*** Opening of RECORDS TO USE ***

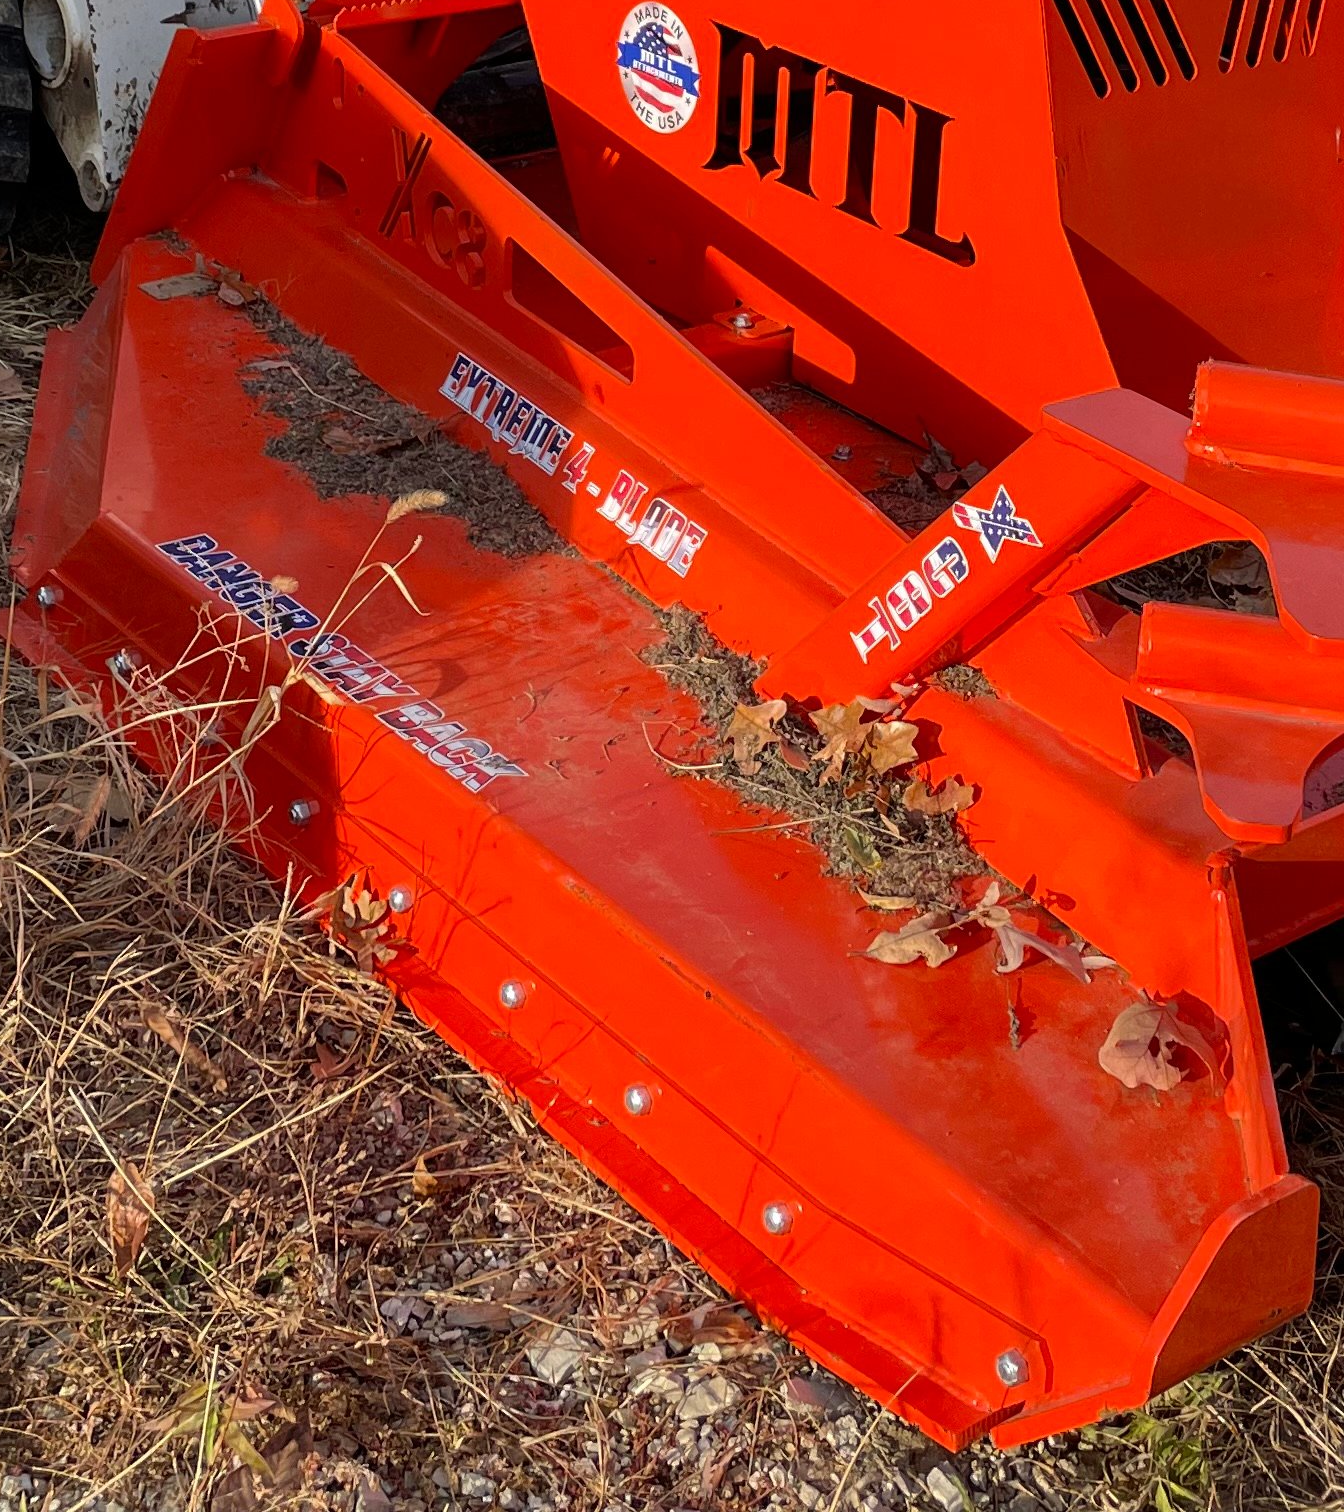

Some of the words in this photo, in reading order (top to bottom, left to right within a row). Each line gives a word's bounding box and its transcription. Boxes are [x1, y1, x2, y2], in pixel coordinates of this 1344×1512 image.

[634, 6, 668, 24] MADE
[670, 20, 684, 40] IN
[640, 48, 677, 73] MTL
[630, 92, 654, 125] THE
[658, 111, 684, 130] USA
[701, 19, 976, 268] MTL
[438, 351, 575, 476] EXTREME
[155, 533, 321, 640] DANGER
[288, 633, 421, 703] STAY
[374, 699, 529, 793] BACK
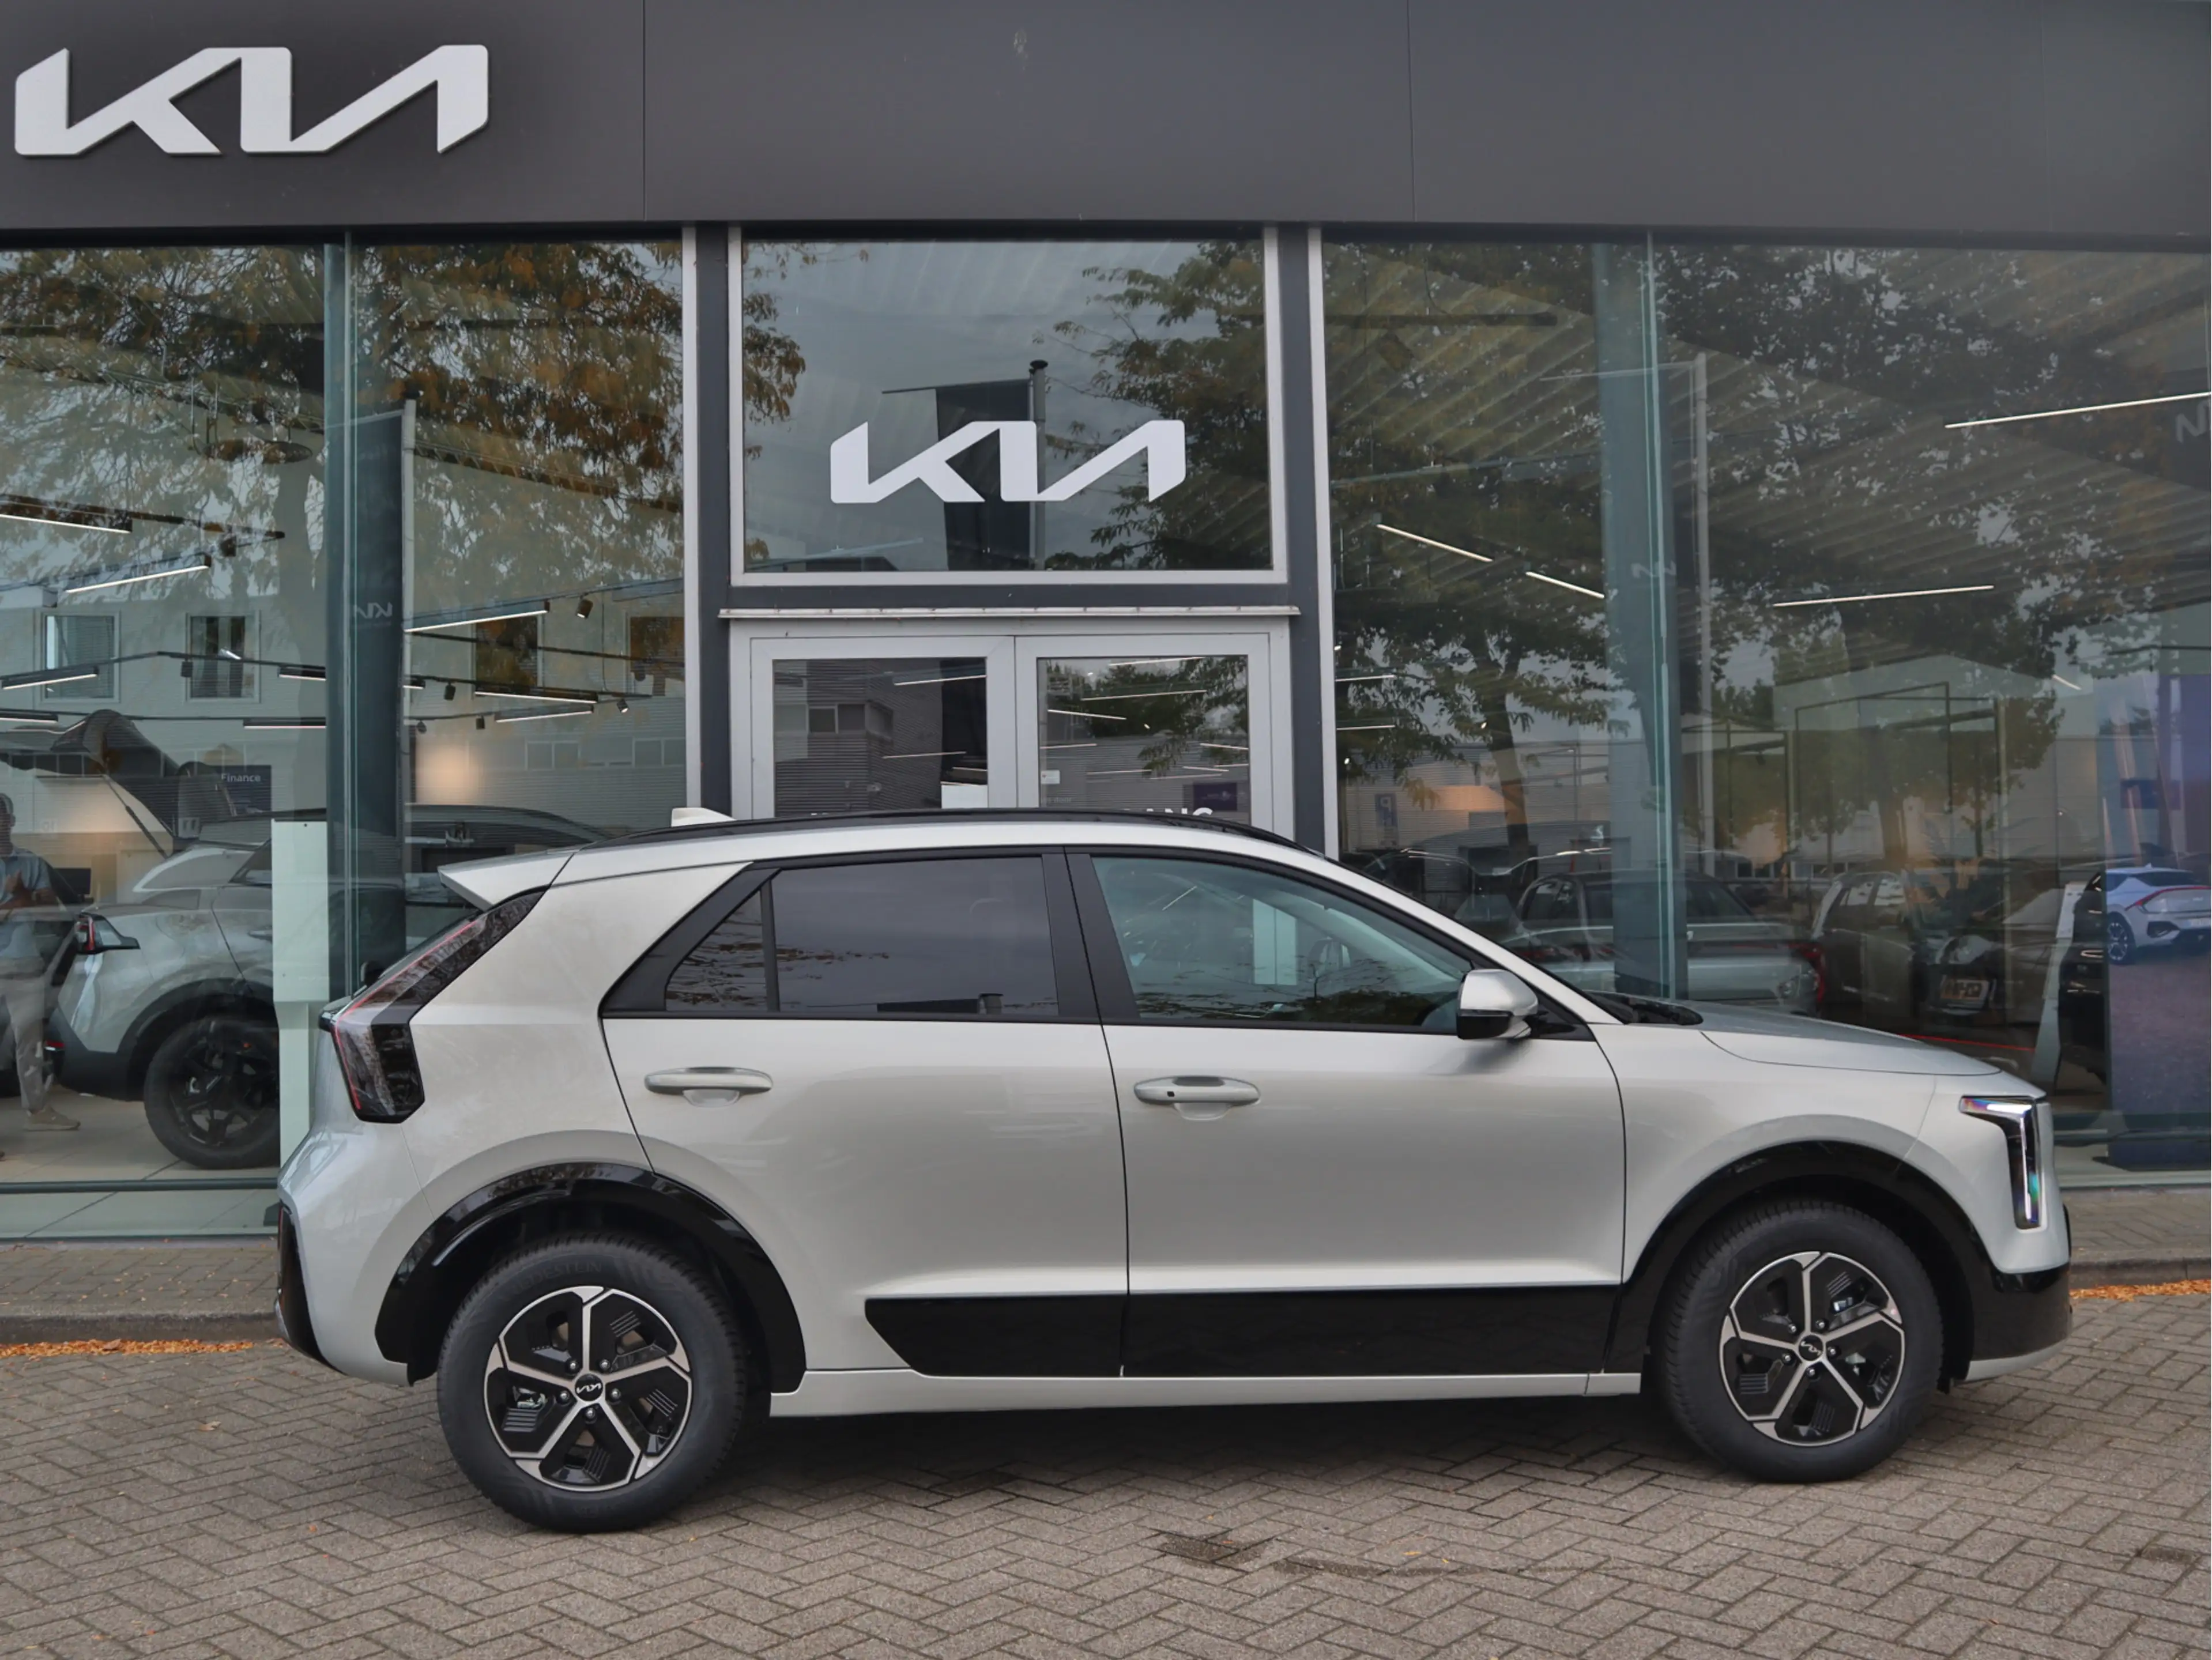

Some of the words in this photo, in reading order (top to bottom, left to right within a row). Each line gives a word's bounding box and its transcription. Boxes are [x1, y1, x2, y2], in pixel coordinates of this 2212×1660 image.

[15, 45, 489, 156] KIA
[830, 420, 1185, 504] KIA
[221, 772, 261, 782] Finance
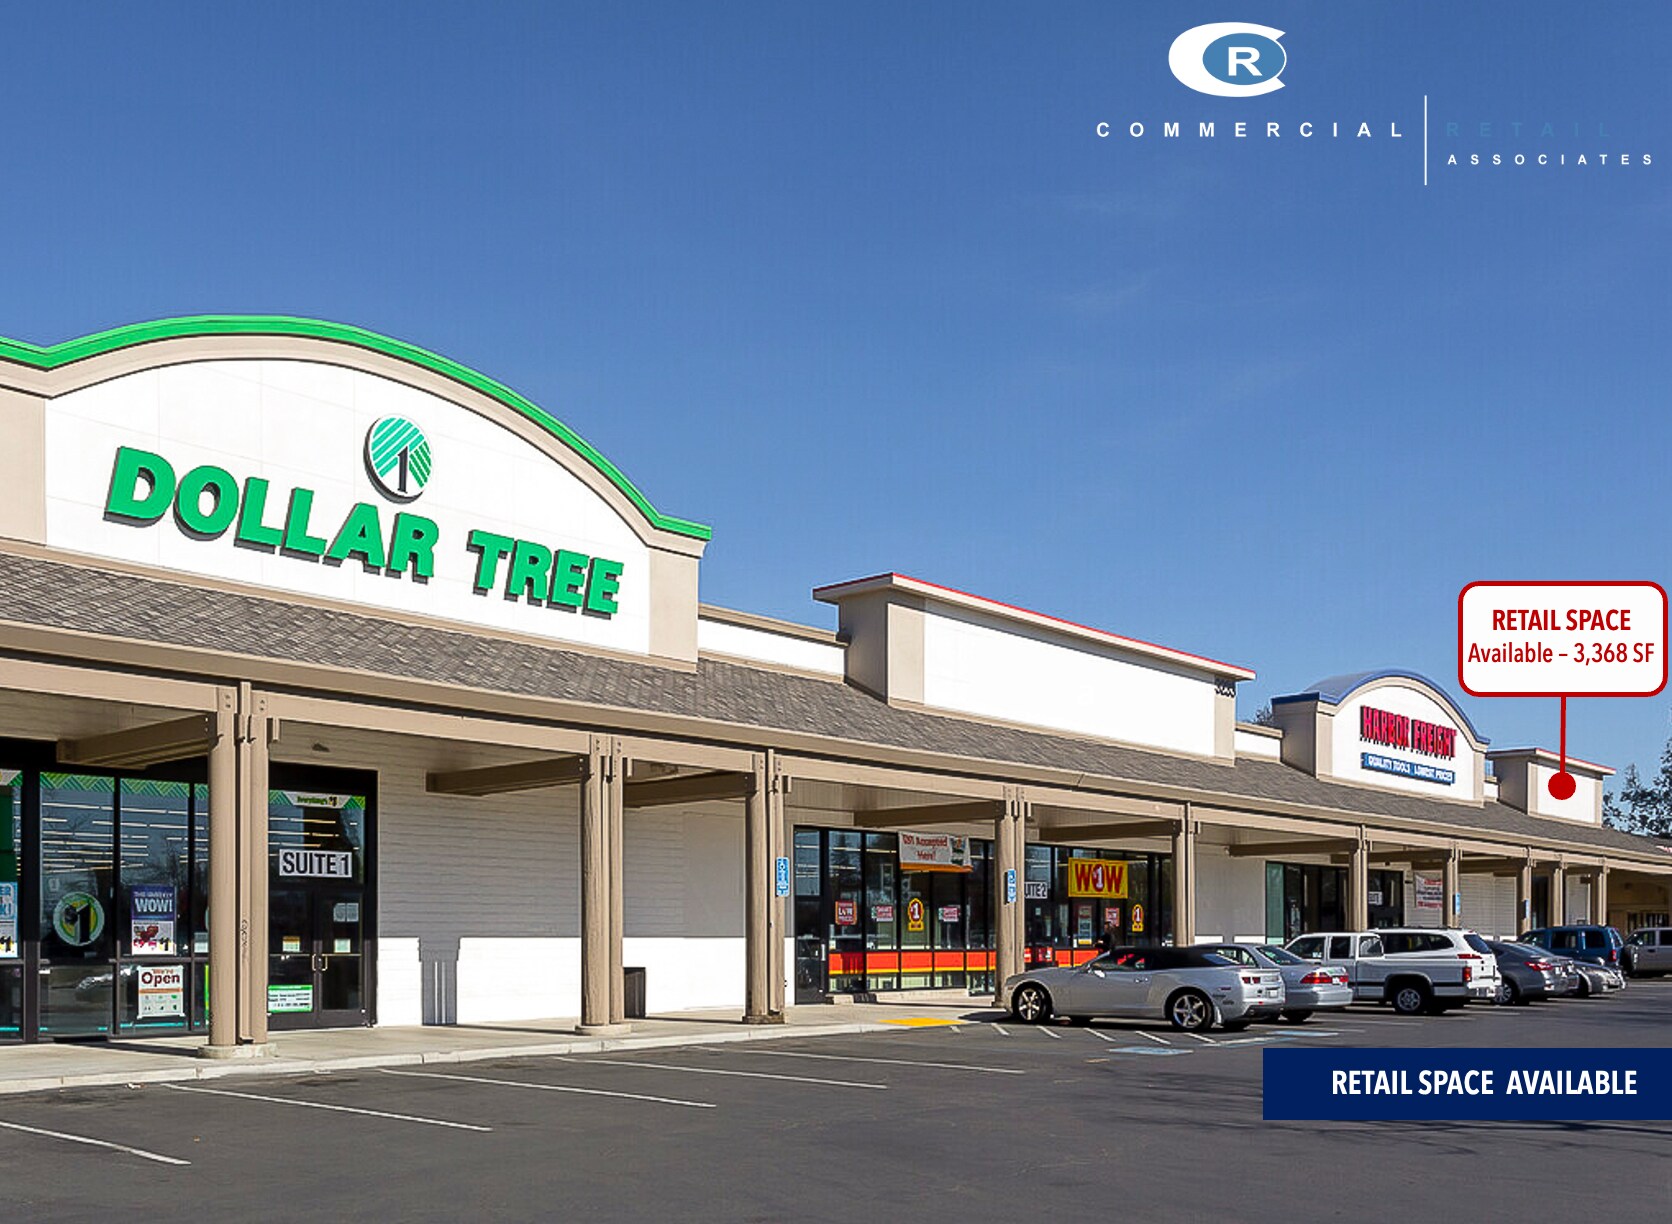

*** Close of RECORDS TO USE ***

§ **EXERCISE**:
Word for word, retype all of the data above, but include no pictures.

§ **SOLUTION BELOW**:
Some of the words in this photo, in reading order (top to bottom, left to right within a row). Each line gives a word's bounding box and its transcription. Boxes are [x1, y1, x2, y2], in pixel coordinates of this 1344×1512 image.

[634, 6, 668, 24] MADE
[670, 20, 684, 40] IN
[640, 48, 677, 73] MTL
[630, 92, 654, 125] THE
[658, 111, 684, 130] USA
[701, 19, 976, 268] MTL
[438, 351, 575, 476] EXTREME
[155, 533, 321, 640] DANGER
[288, 633, 421, 703] STAY
[374, 699, 529, 793] BACK

Some of the words in this photo, in reading order (top to bottom, left to right within a row). Each line gives a word's bounding box and its transcription. Boxes are [x1, y1, x2, y2], in pixel coordinates of this 2212×1660 image.

[15, 45, 489, 156] KIA
[830, 420, 1185, 504] KIA
[221, 772, 261, 782] Finance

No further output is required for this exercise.